Only one week before, in an act of profligate love, Mary had poured out costly perfume on Jesus' feet. 'What a waste,' sneered Judas. But Jesus told Judas to his face that he needed human consolation before his passion and death.
The gardener of course is Jesus in disguise, and the encounter between them paints a lovely picture. Jesus calls out, "Mary." The voice stills her. His intonation is filled with consolation. Her instinct is to touch him, but this cannot be. A new relationship now exists between them.

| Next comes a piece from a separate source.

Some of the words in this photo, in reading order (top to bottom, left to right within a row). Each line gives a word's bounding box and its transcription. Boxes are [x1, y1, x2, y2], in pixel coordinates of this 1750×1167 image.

She hurriedly goes to the disciples to announce what the Lord has done for her … not unlike Mary of Nazareth who had visited her cousin Elizabeth.

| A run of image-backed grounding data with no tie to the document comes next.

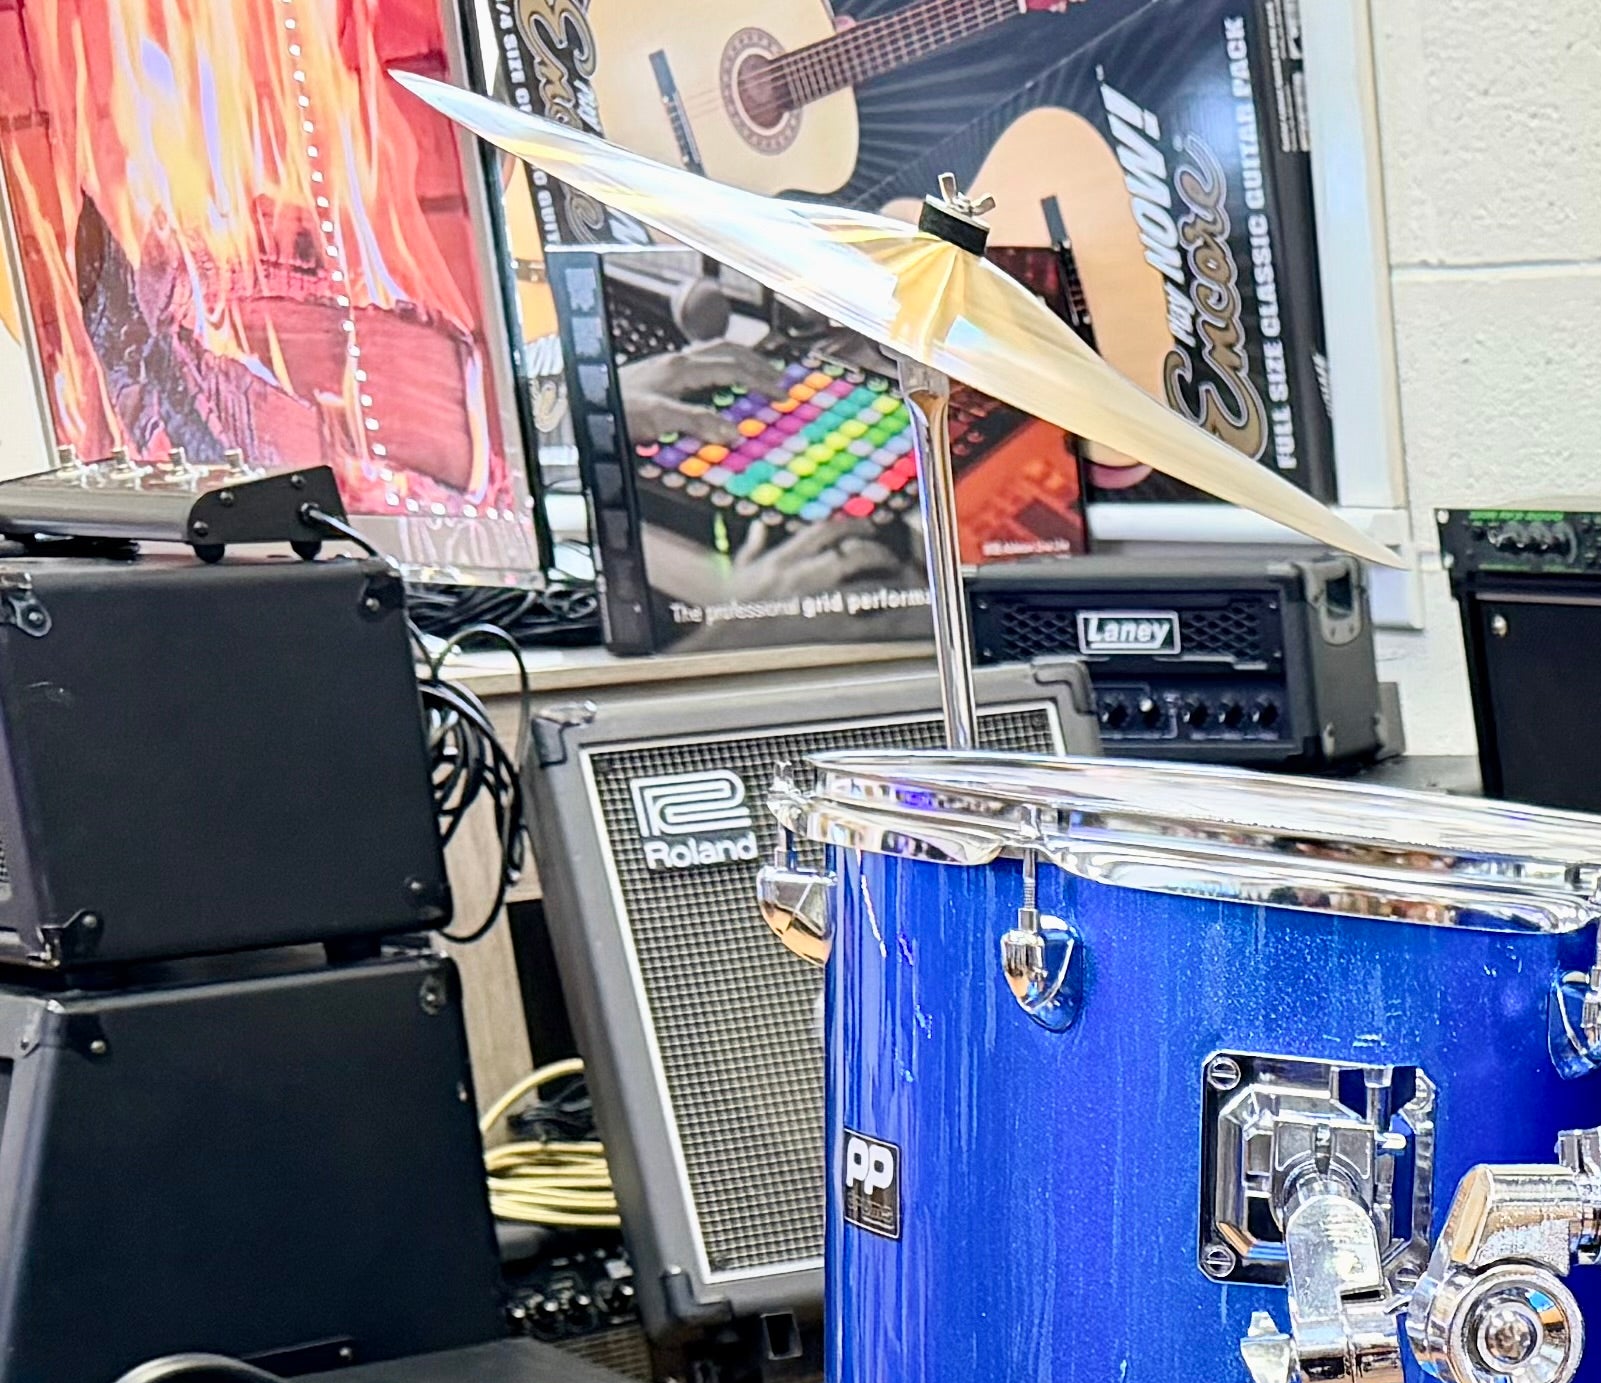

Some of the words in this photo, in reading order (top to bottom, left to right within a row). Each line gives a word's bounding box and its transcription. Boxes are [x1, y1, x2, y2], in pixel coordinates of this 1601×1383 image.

[1223, 16, 1253, 98] PACK
[1235, 102, 1266, 211] GUITAR
[1163, 133, 1268, 462] Encore
[1248, 214, 1282, 338] CLASSIC
[1264, 337, 1290, 402] SIZE
[1274, 405, 1299, 471] FULL
[673, 601, 703, 625] The
[704, 595, 800, 628] professional
[800, 590, 843, 619] grid
[846, 588, 933, 617] perform
[1087, 617, 1171, 648] Laney
[643, 831, 759, 870] Roland

Do we wonder that Magdalene's name has been placed at the head of the named women in the Gospels? She is the "apostle to the apostles" signaling her special place among them all. The Johannine encounter between Jesus and Mary Magdalene parallels the words of Isaiah 43:1:"Do not be afraid, for I have redeemed you. I have called you by name; you are mine."
Contemplation as Event
In prayer, try role playing and repeat what the disciples said in a cynical tone. Utter the harsh words, 'I will not believe.' For a moment or two, it will align you with the thousands who refuse to believe in God, not to mention the Lord's Resurrection. Then, recreate this scene and listen for Jesus to call your name.
It may not be possible to share the news of the Risen Christ in the way Magdalene did. But sensitivity to others brings possibilities that are perhaps more creative. The time may come when others, instead of finding in you an indifferent Catholic or a mere cultural Catholic, they will discover a disciple and companion of the Lord. For most of us, it means touching others quietly, without hesitation, and with a joyful faith.
You and I live in a world that often shouts the harsh words, 'We will not believe.' You and I must pray, "Lord, we believe; help our unbelief" (Mk 9:24). The pearl of great price-our faith-is not difficult to lose.
The limerick below summarizes this essay "with a twinkle in its eye." Rhyme seems to have been invented early in the Christian era, probably by priests of the Alexandrian church so that parishioners could remember church teachings . . . it can become inspiration-awakening. A good limerick should sound like someone talking."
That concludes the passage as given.